Vá de bike, larga a bets
Na contramão do mundo, o Brasil legalizou as bets antes de autorizar o mercado de apostas presenciais. Não deu outra, cada celular virou um cassino.

Com certeza esta será uma opção muito melhor para a sua saúde financeira e, principalmente, mental. Segundo o Instituto de Psiquiatria da USP, há três etapas em que se enquadra aquele que ostenta o Transtorno do Jogo. A primeira seria o da "vitória" quando, animado com os seus acertos - normalmente guiados pelos algoritmos que "ajudam" nas primeiras tentativas - considera-se um exímio jogador e, ostentando esta qualidade, passa a jogar mais. Logo, chega a etapa da "perda" quando as apostas são maiores, mais freqüentes e, consequentemente, os prejuízos são maiores. Por fim, vem a etapa do "desespero", aí alguns bens já sumiram, a família ficou de lado e o endividamento pressiona por mais tentativas de recuperar o que foi perdido, o que se revela como uma batalha quase impossível.

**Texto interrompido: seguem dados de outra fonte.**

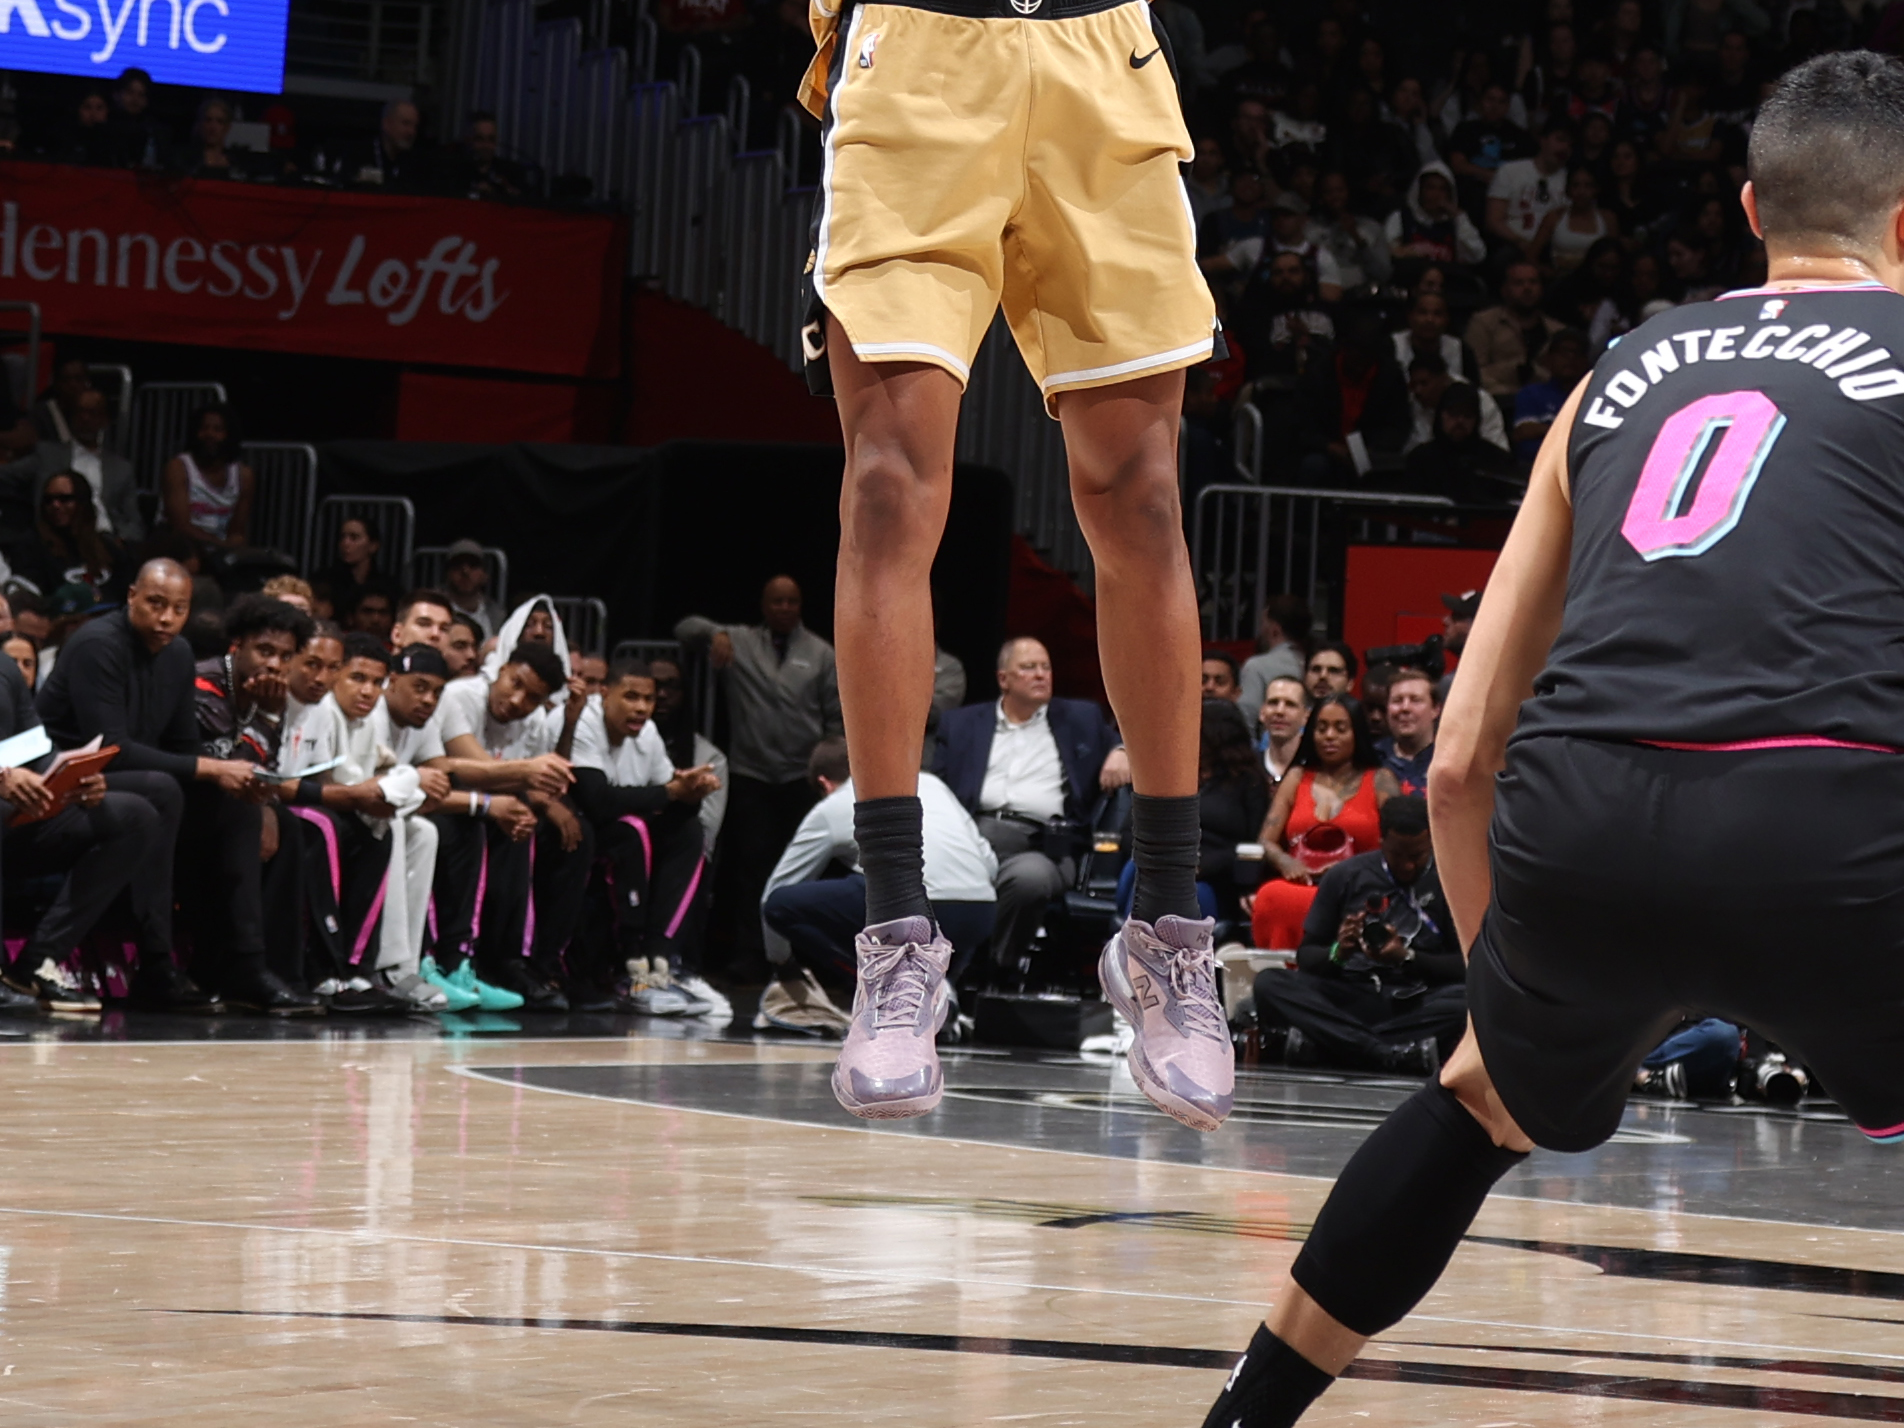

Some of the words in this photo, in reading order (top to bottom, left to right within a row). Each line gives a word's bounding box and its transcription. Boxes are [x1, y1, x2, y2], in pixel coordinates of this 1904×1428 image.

[326, 234, 511, 326] Lofts
[1583, 324, 1904, 429] FONTECCHIO
[1621, 390, 1787, 562] 0

Na contramão do mundo, o Brasil legalizou as bets antes de autorizar o mercado de apostas presenciais. Não deu outra, cada celular virou um cassino. Não há certeza quanto ao valor, mas se estima que em 2023, entre R$ 68 a R$ 100 bilhões foram gastos em apostas online. Somente no último mês de agosto, 5 milhões de pessoas beneficiárias do Bolsa Família enviaram R$ 3 bilhões às empresas de apostas por pix. Quanto ao jogo presencial, tramita no Senado o projeto de lei nº 2.234/22 que, aprovado, legalizará a modalidade no Brasil. Há pressa na sua tramitação e ao trocar a expressão "cassinos construídos" por "cassinos instalados", o projeto permitirá que hotéis sejam adaptados para "cassinos-resorts", reduzindo as despesas com edificações e o tempo para funcionamento, estimado, agora, em menos de um ano, após a entrada em vigor da lei.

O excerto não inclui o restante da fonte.